━━━━━ Extracted records ━━━━━
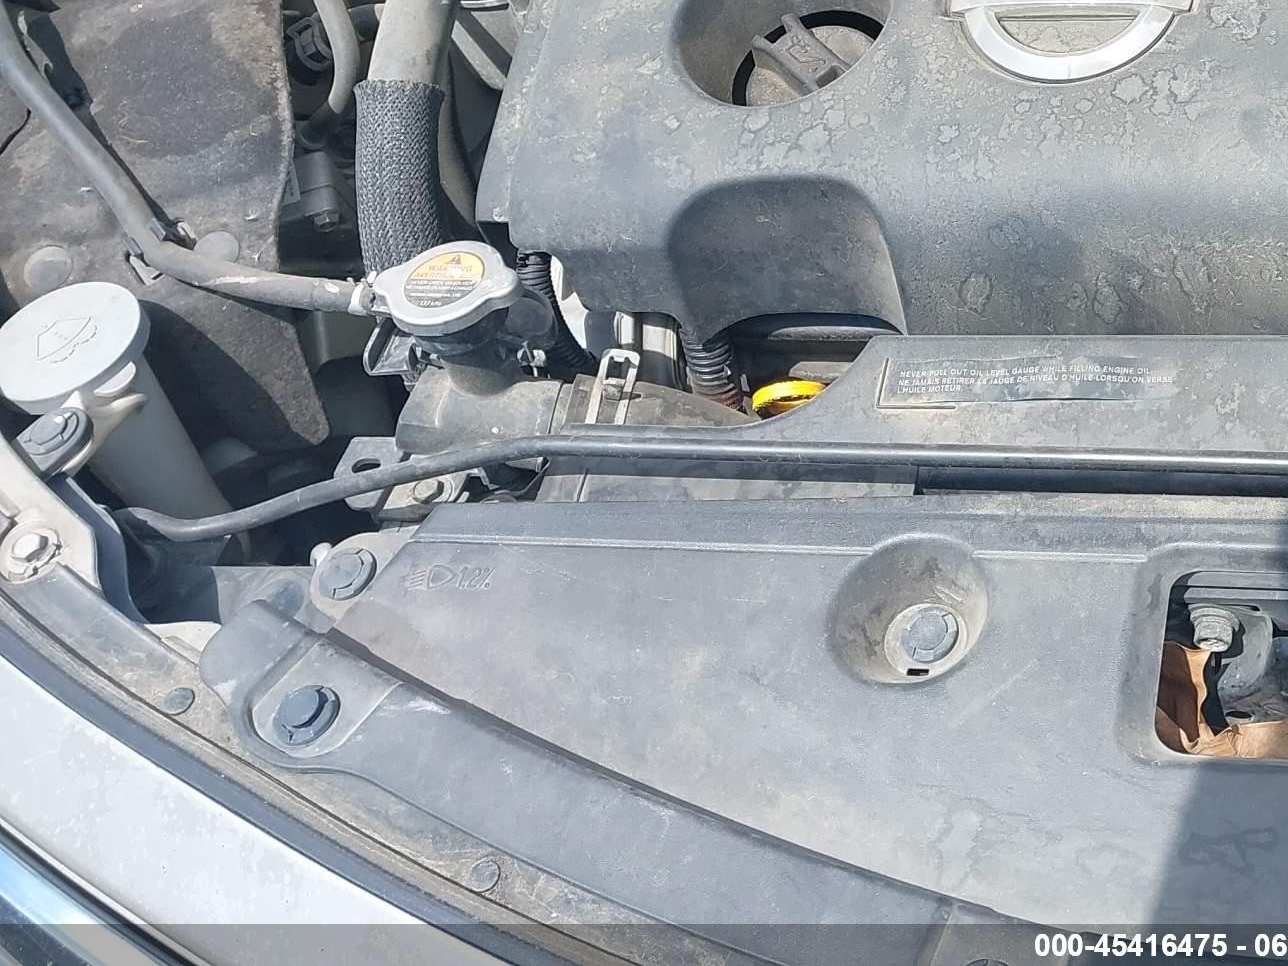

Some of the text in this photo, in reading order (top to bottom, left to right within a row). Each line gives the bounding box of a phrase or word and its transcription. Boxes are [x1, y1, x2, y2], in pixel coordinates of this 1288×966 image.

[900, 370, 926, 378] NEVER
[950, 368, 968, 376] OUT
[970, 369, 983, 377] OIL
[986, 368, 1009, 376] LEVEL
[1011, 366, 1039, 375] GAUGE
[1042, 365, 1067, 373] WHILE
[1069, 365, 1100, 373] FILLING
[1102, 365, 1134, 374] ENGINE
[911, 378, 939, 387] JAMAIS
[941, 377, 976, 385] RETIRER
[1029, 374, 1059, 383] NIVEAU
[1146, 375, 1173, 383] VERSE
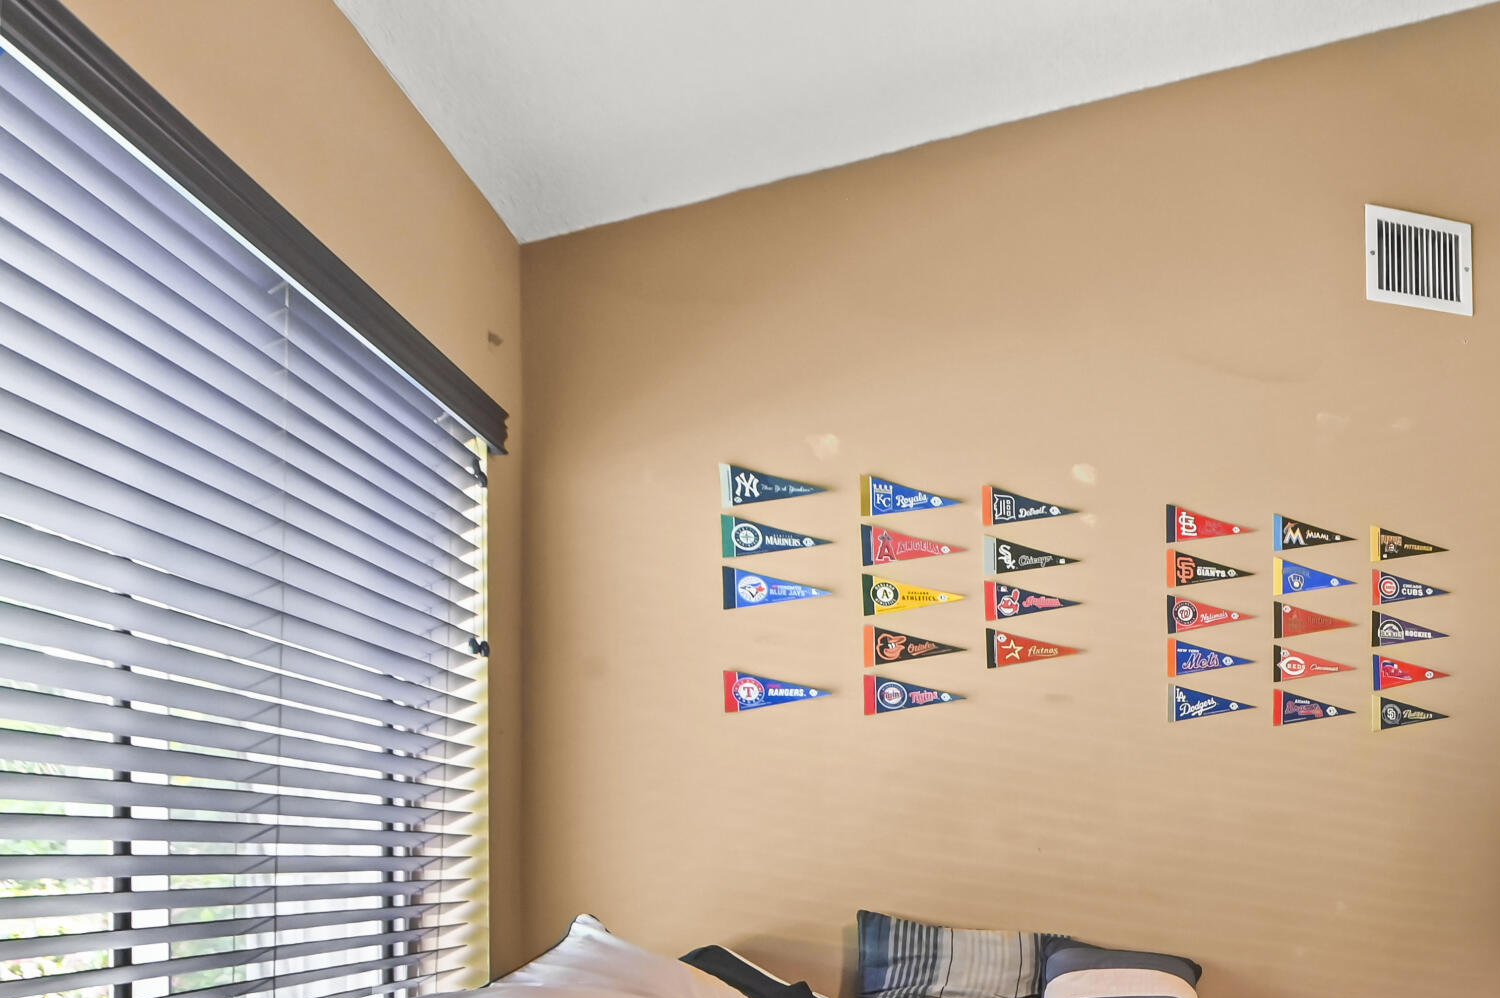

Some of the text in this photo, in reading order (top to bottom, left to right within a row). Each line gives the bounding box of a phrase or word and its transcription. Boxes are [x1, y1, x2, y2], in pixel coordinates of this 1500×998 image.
━━━━━
━━━━━ Extracted records ━━━━━
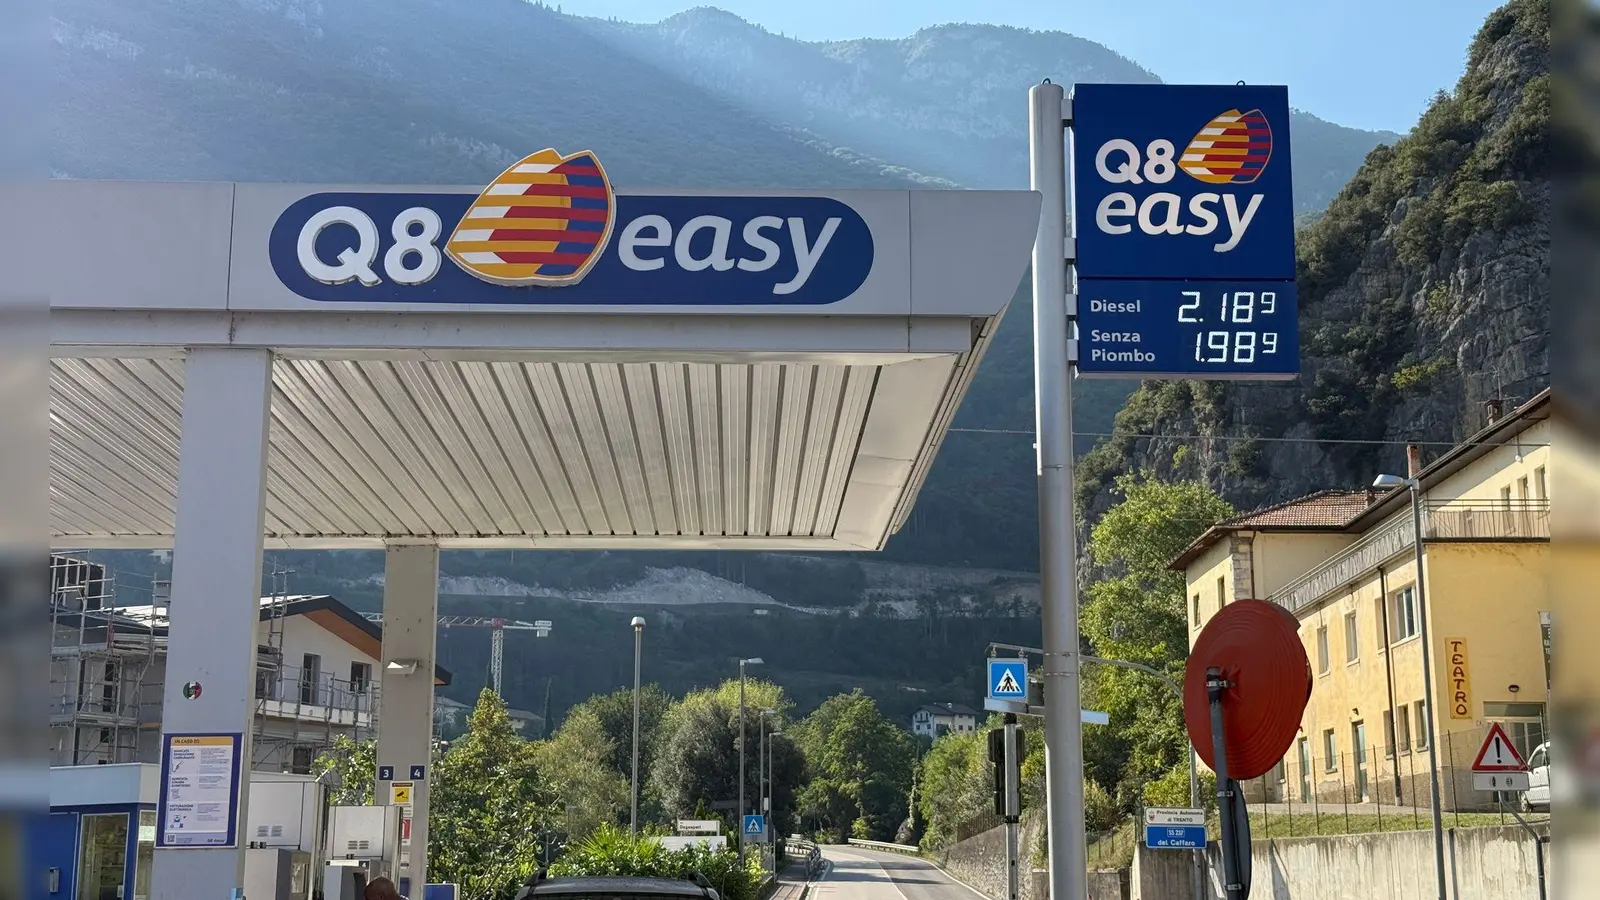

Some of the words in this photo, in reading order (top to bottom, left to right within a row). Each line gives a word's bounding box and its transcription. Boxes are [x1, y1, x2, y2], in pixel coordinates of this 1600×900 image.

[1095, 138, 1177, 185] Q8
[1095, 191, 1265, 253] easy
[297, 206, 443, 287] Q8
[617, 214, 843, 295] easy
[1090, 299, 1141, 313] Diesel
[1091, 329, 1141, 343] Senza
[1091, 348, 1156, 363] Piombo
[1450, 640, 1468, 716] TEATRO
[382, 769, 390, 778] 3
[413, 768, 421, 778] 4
━━━━━
◆ Exercise brief
Now transcribe the lines above exactly, starting at the line containing "this 1288×966 image." and ending at the line containing "this 1500×998 image.", both lines included, pictures excluded.

◆ Result below
Some of the text in this photo, in reading order (top to bottom, left to right within a row). Each line gives the bounding box of a phrase or word and its transcription. Boxes are [x1, y1, x2, y2], in pixel coordinates of this 1288×966 image.

[900, 370, 926, 378] NEVER
[950, 368, 968, 376] OUT
[970, 369, 983, 377] OIL
[986, 368, 1009, 376] LEVEL
[1011, 366, 1039, 375] GAUGE
[1042, 365, 1067, 373] WHILE
[1069, 365, 1100, 373] FILLING
[1102, 365, 1134, 374] ENGINE
[911, 378, 939, 387] JAMAIS
[941, 377, 976, 385] RETIRER
[1029, 374, 1059, 383] NIVEAU
[1146, 375, 1173, 383] VERSE

Some of the text in this photo, in reading order (top to bottom, left to right within a row). Each line gives the bounding box of a phrase or word and its transcription. Boxes are [x1, y1, x2, y2], in pixel coordinates of this 1500×998 image.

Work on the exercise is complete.